Instructions for the task.
I'd like the data beneath this line reproduced exactly, without any of its images.

==== Supplied data ====

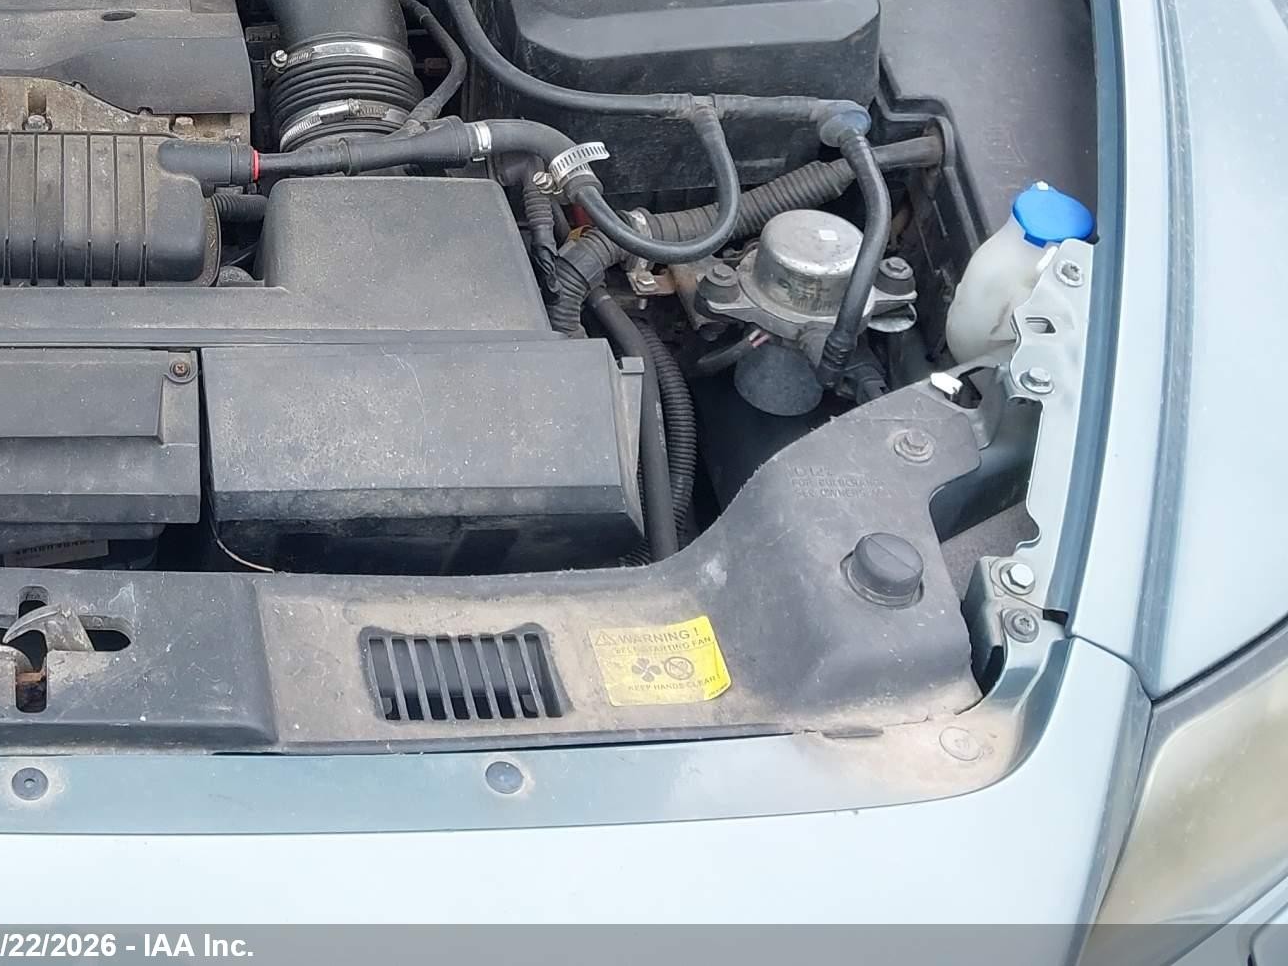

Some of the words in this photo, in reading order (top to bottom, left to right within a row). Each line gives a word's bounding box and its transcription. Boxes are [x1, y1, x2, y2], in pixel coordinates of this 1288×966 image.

[617, 629, 690, 644] WARNING
[691, 636, 711, 647] FAN
[654, 683, 683, 691] HANDS
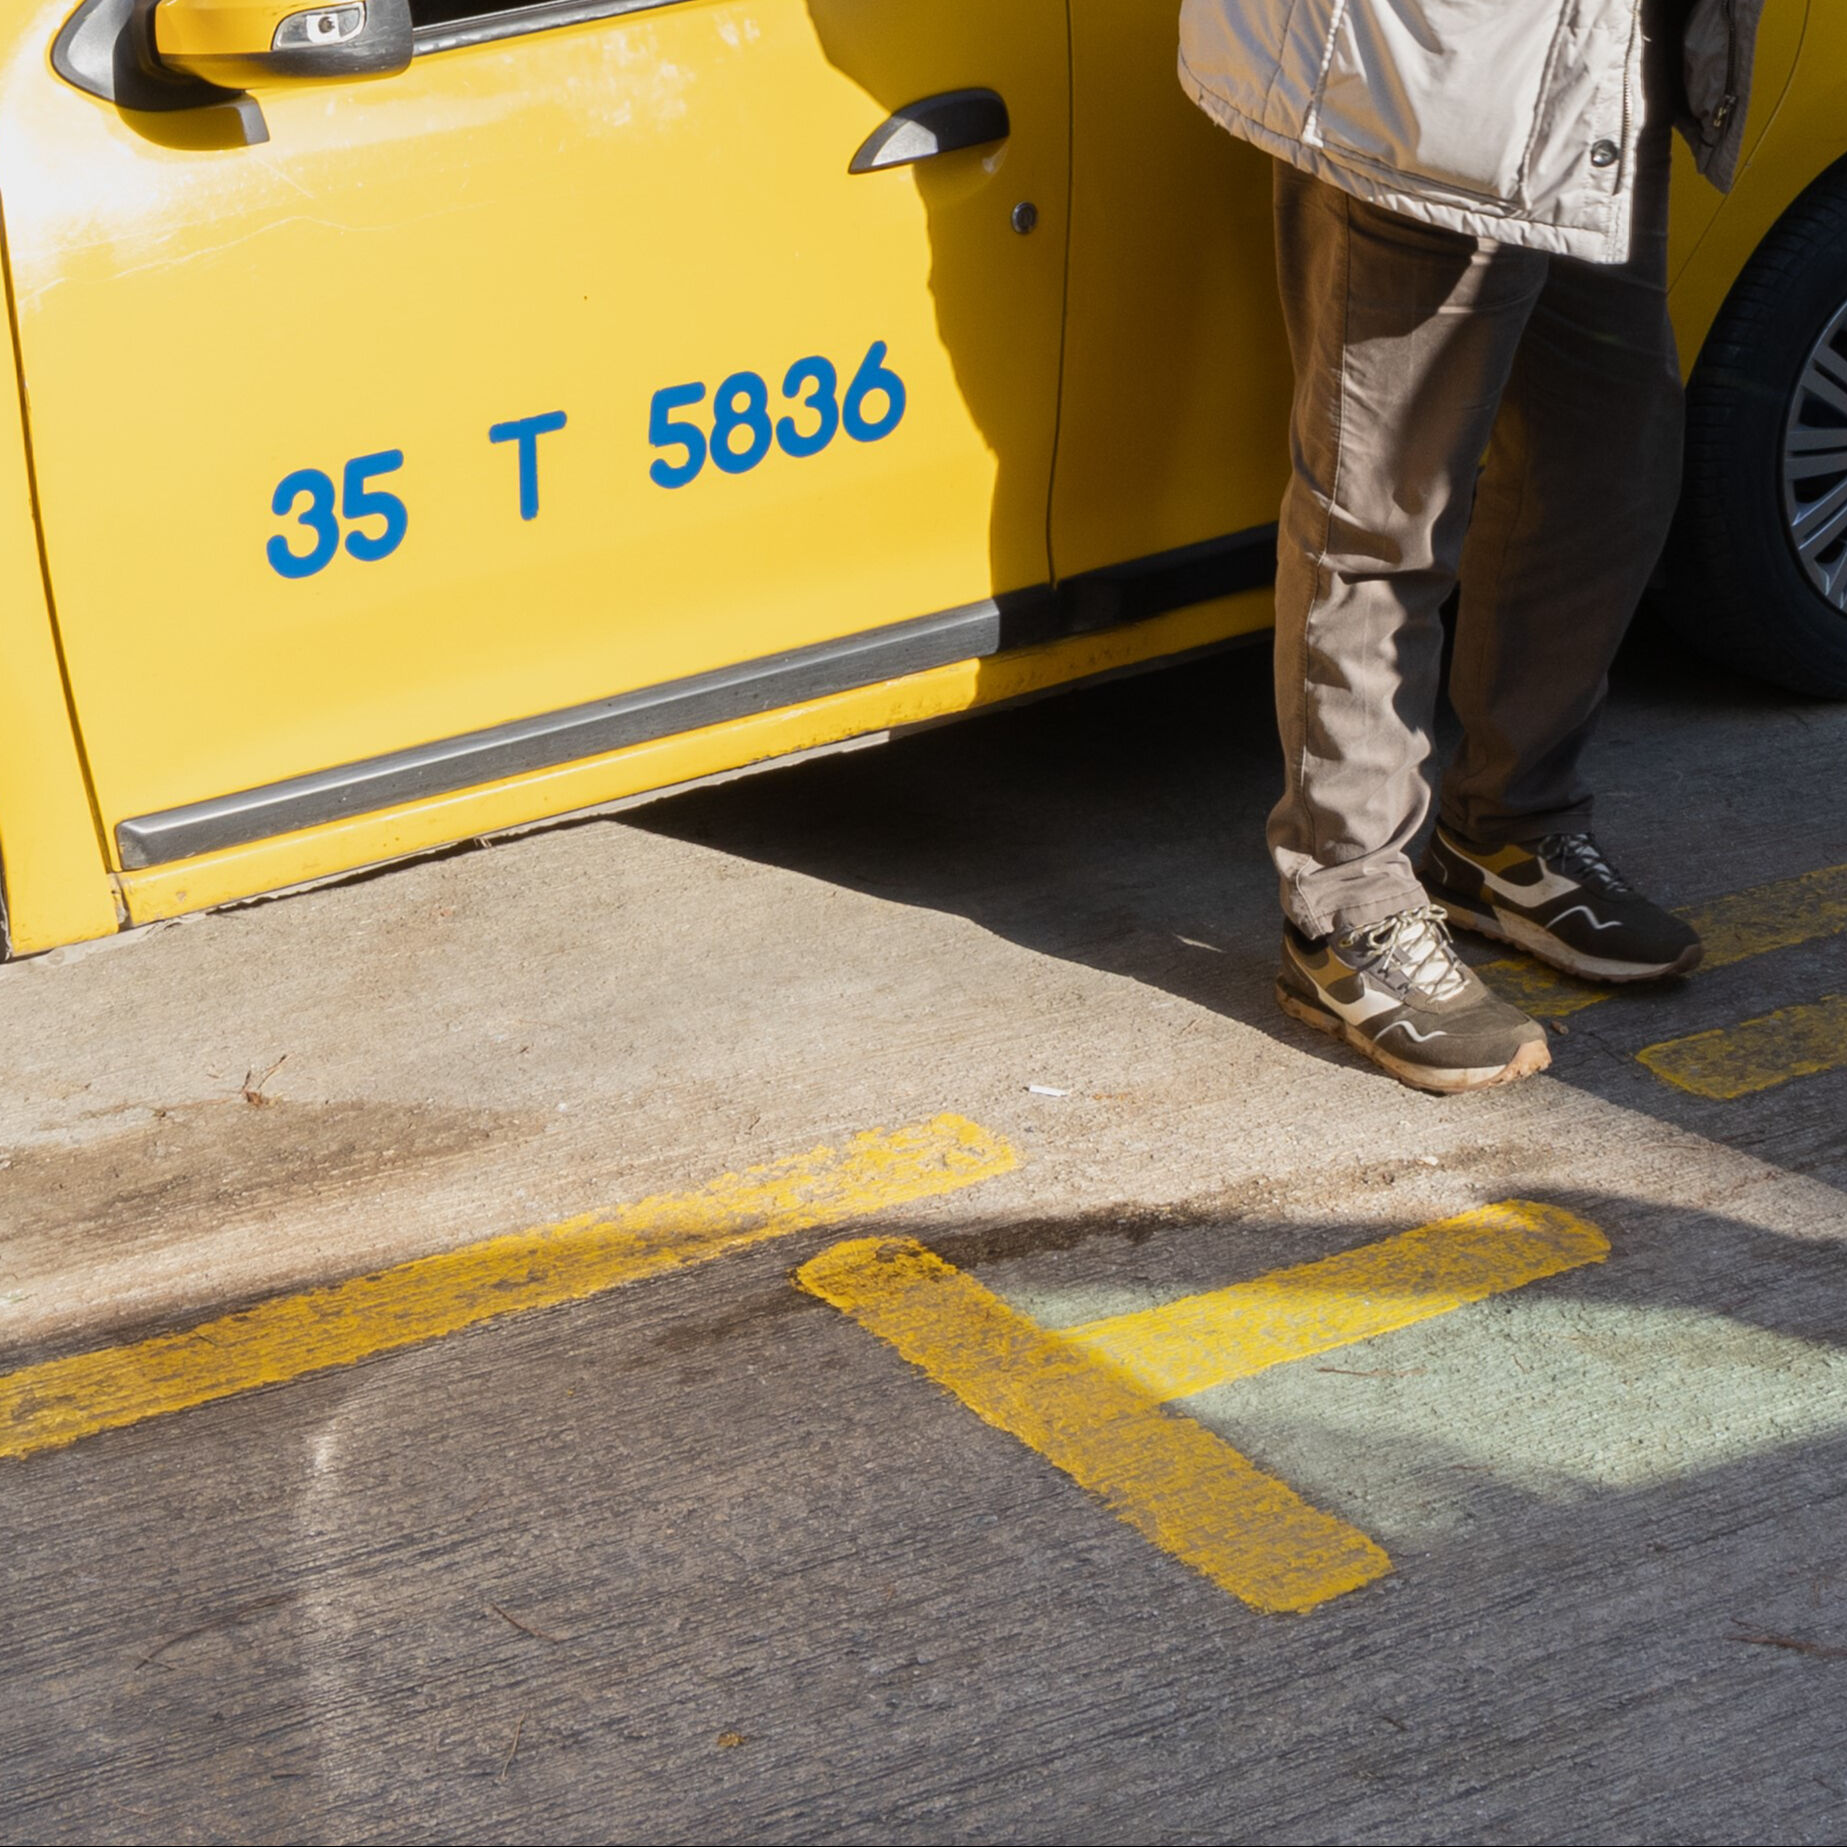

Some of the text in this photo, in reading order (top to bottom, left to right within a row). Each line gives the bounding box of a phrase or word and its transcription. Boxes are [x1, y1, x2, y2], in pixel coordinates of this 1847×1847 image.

[266, 340, 906, 579] 35 T 5836
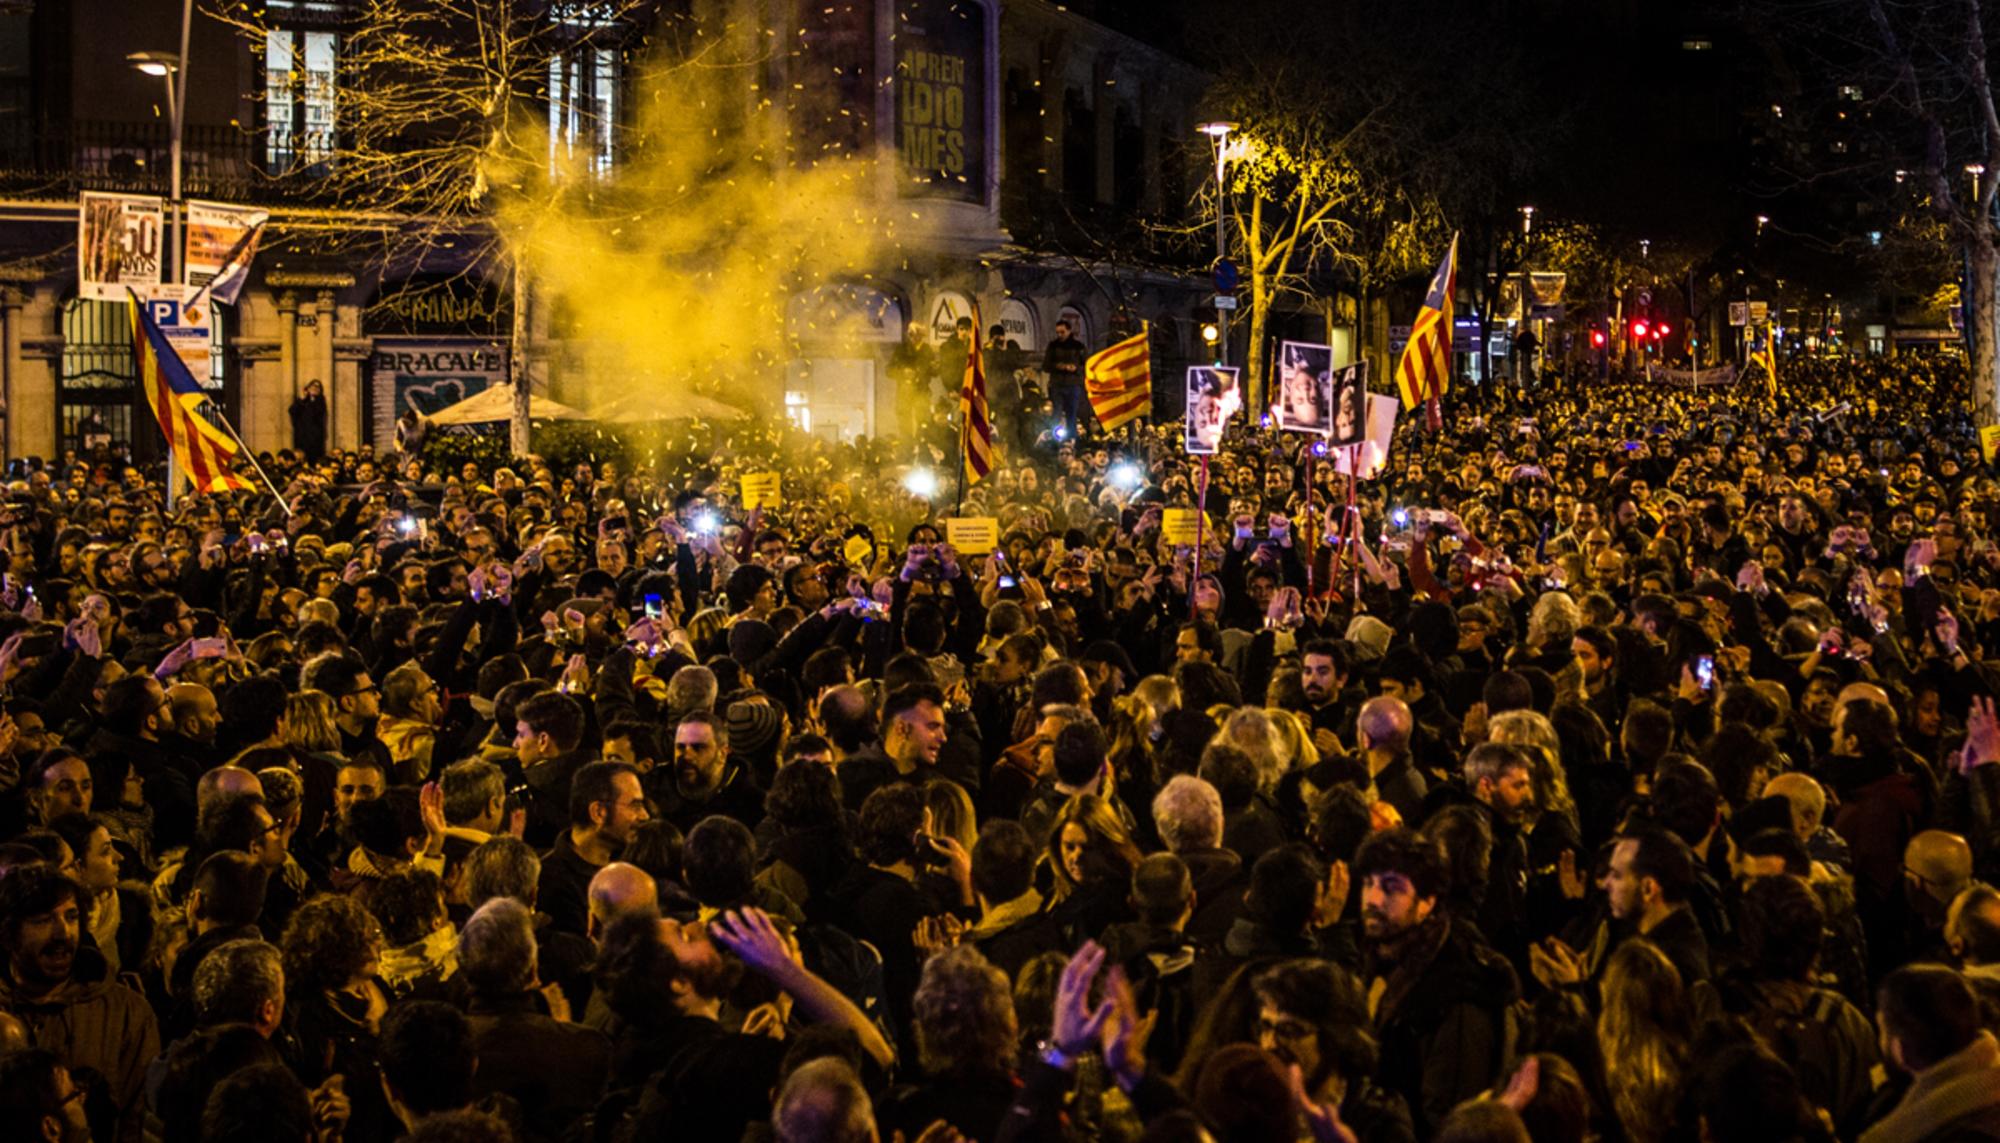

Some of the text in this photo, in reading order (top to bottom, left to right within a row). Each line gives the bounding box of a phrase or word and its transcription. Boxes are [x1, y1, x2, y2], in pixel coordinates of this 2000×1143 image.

====

Your solution.
Some of the words in this photo, in reading order (top to bottom, left to right within a row). Each line gives a word's bounding box and its transcription. Boxes are [x1, y1, x2, y2], in pixel coordinates of this 1288×966 image.

[617, 629, 690, 644] WARNING
[691, 636, 711, 647] FAN
[654, 683, 683, 691] HANDS

Some of the text in this photo, in reading order (top to bottom, left to right within a row). Each line gives the bounding box of a phrase or word and its transcription. Boxes are [x1, y1, x2, y2], in pixel coordinates of this 1847×1847 image.

[266, 340, 906, 579] 35 T 5836

Some of the text in this photo, in reading order (top to bottom, left to right within a row). Each line gives the bounding box of a phrase or word and its transcription. Boxes are [x1, y1, x2, y2], in pixel coordinates of this 2000×1143 image.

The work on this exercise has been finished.